> [GIVEN ENTRIES]:
※ ※ ※
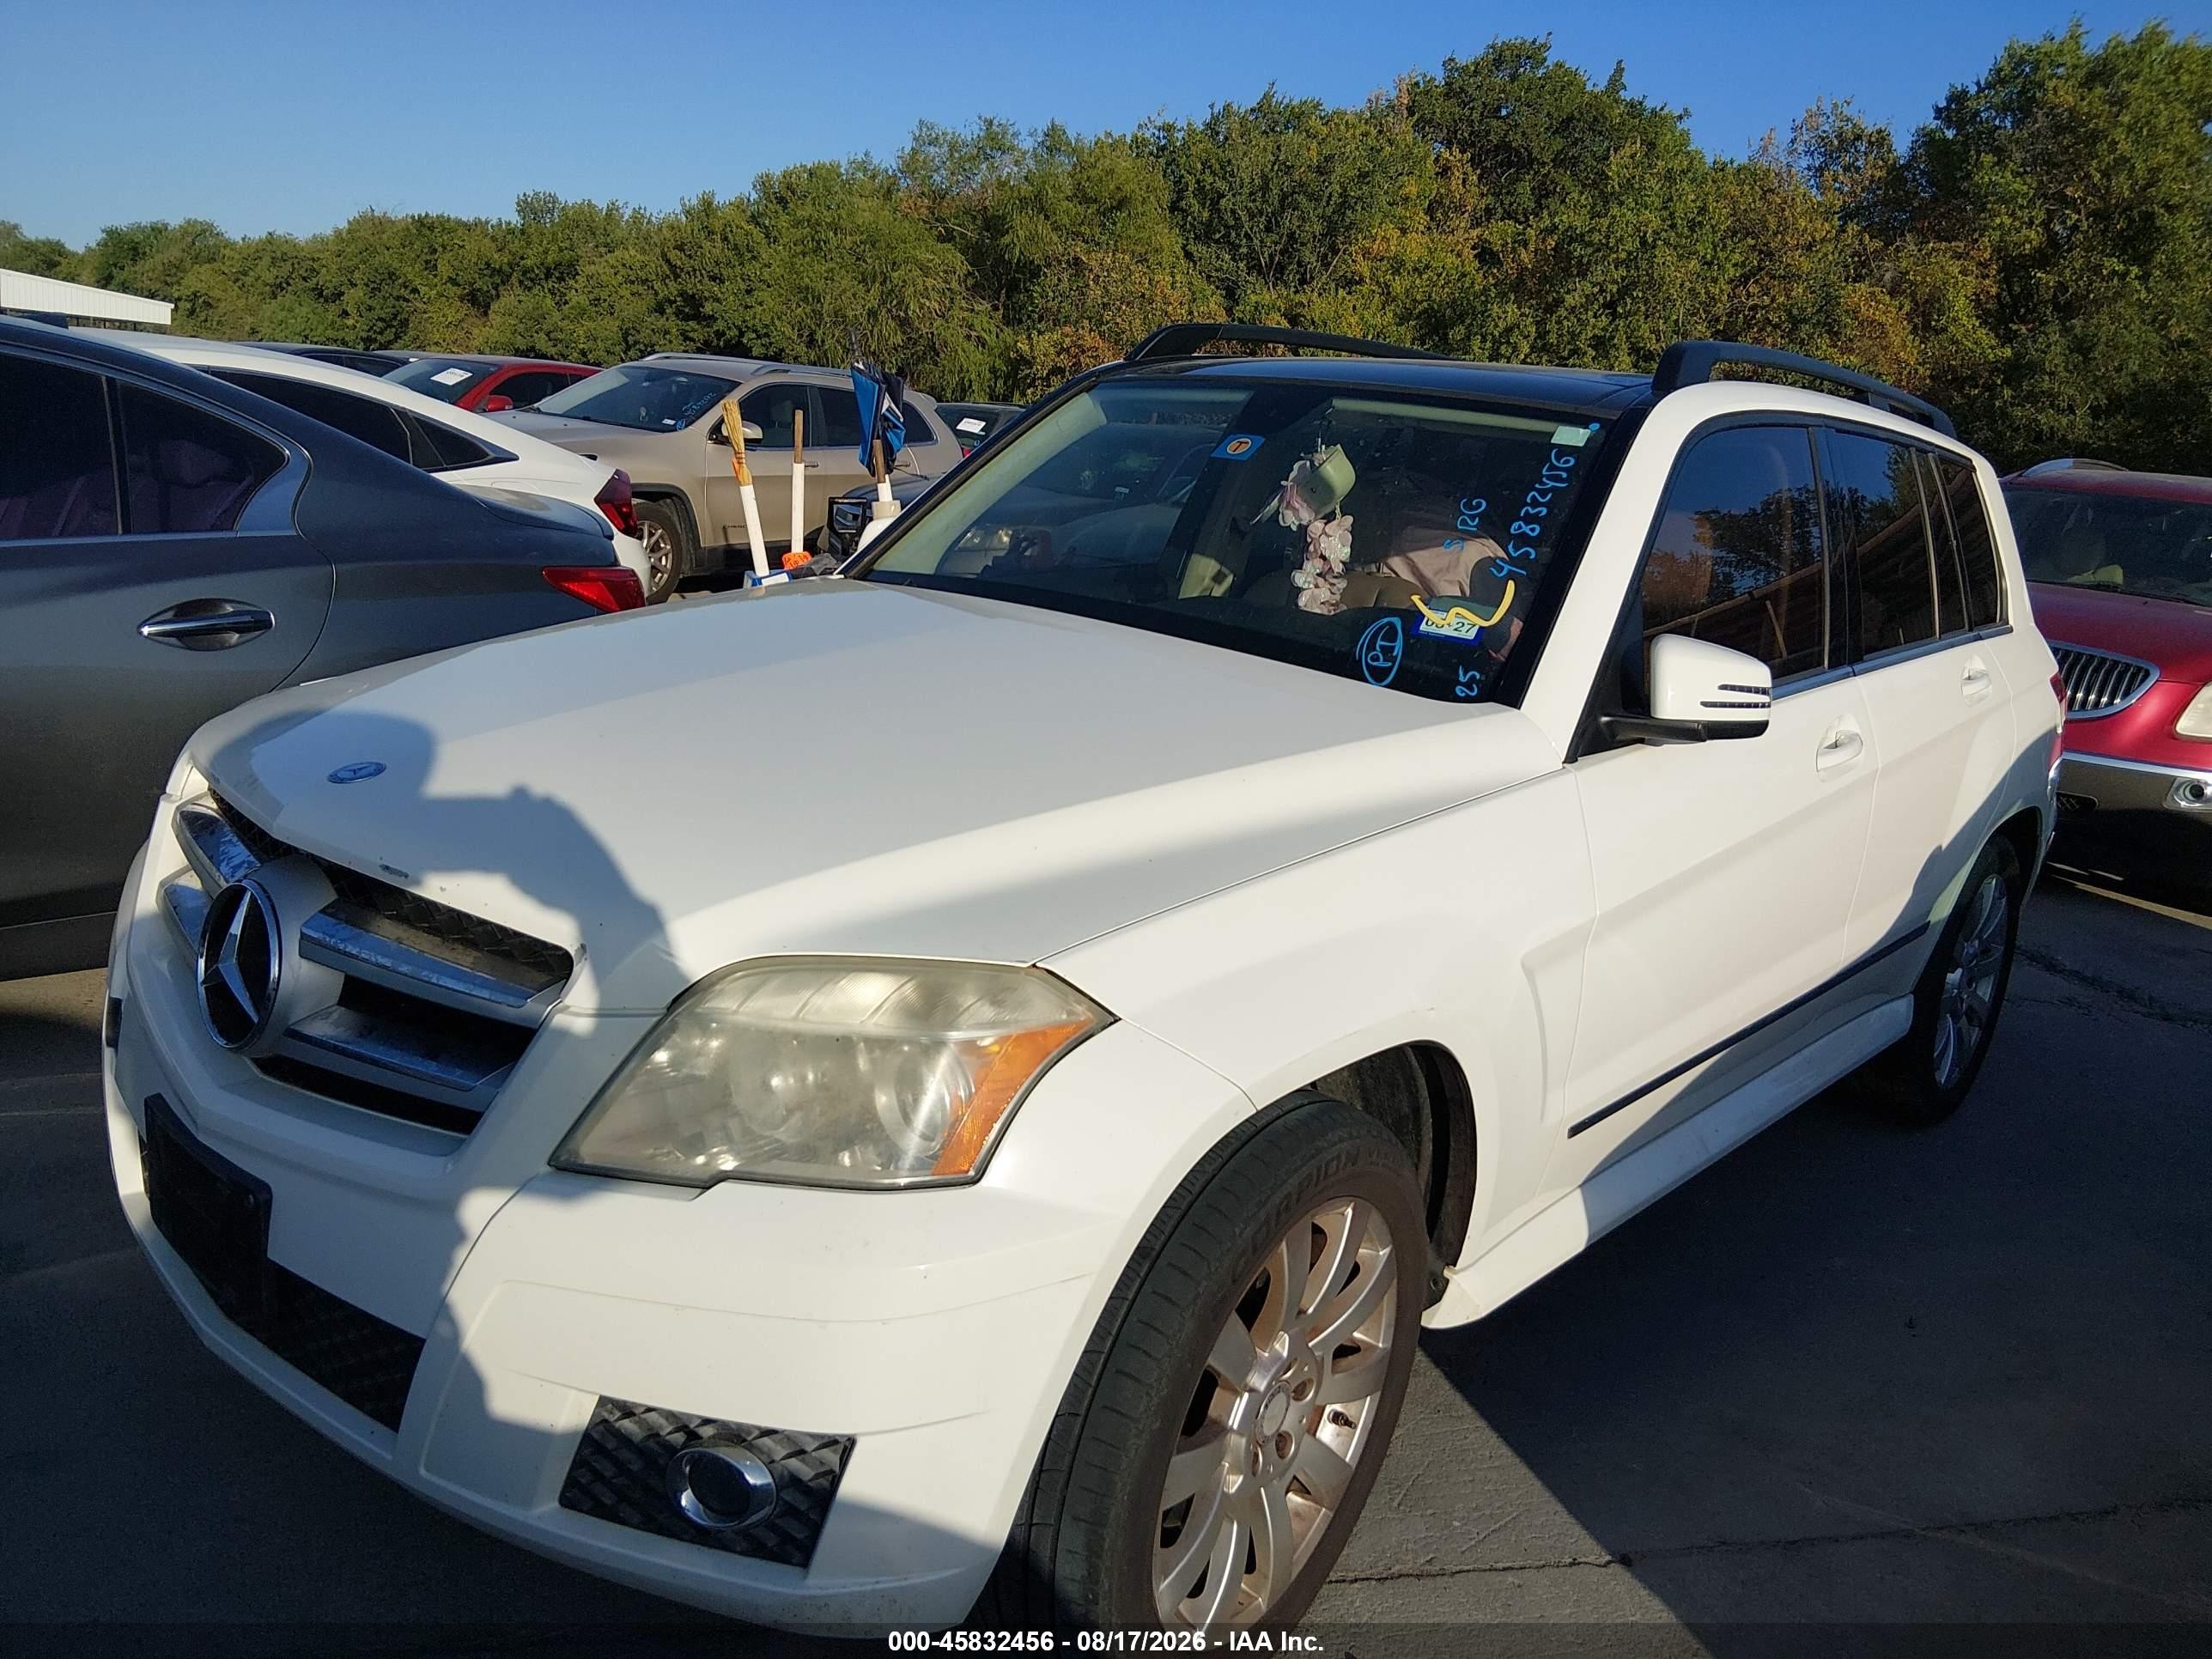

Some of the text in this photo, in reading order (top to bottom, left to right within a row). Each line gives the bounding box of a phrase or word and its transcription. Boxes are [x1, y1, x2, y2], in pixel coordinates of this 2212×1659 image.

[1488, 448, 1575, 577] 45832456
[1453, 621, 1478, 634] 27
[1455, 665, 1481, 697] 25
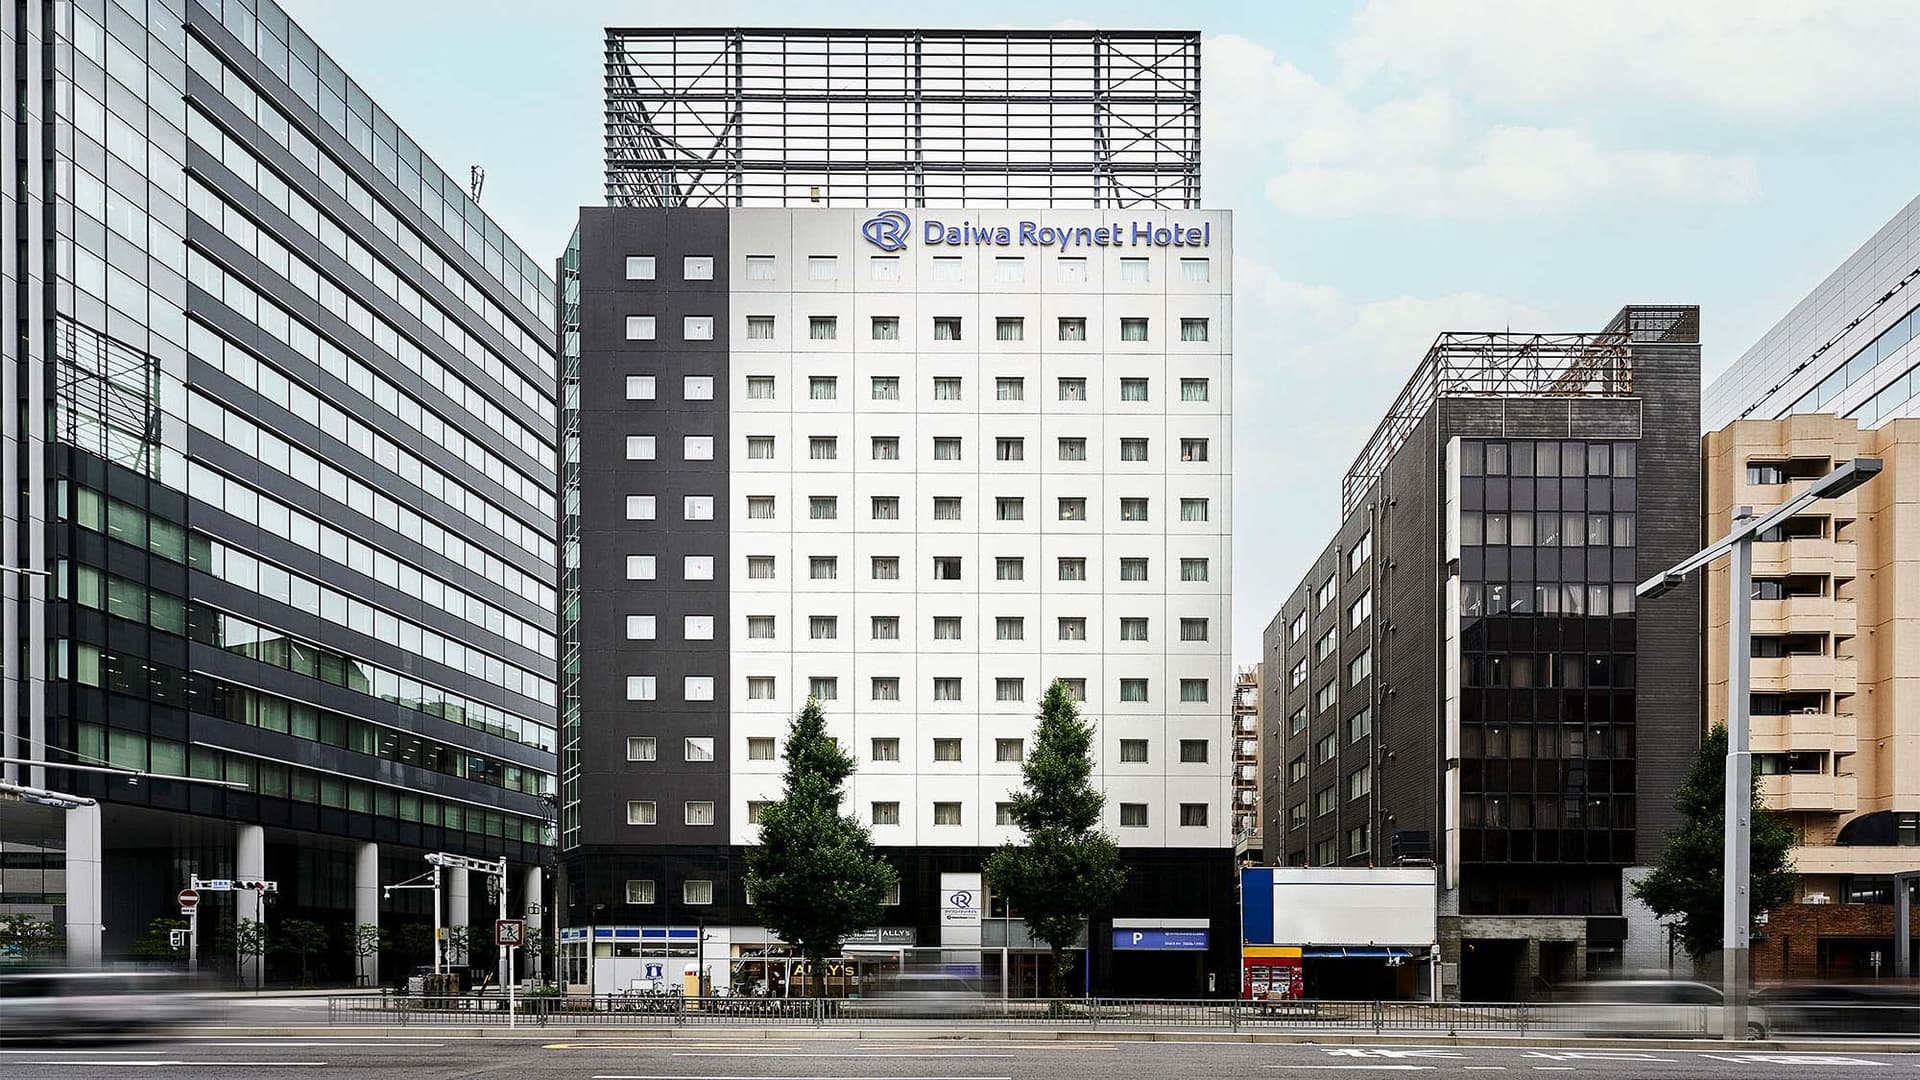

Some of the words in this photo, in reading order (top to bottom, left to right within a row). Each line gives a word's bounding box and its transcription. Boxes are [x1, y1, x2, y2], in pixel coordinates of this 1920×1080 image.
※ ※ ※
> [ASSIGNED TASK]: Can you retype every record above exactly, leaving out the pictures?

> [RESPONSE TO THE EXERCISE]:
Some of the text in this photo, in reading order (top to bottom, left to right within a row). Each line gives the bounding box of a phrase or word and its transcription. Boxes are [x1, y1, x2, y2], in pixel coordinates of this 2212×1659 image.

[1488, 448, 1575, 577] 45832456
[1453, 621, 1478, 634] 27
[1455, 665, 1481, 697] 25

Some of the words in this photo, in reading order (top to bottom, left to right within a row). Each line gives a word's bounding box and its transcription. Boxes are [x1, y1, x2, y2], in pixel coordinates of this 1920×1080 image.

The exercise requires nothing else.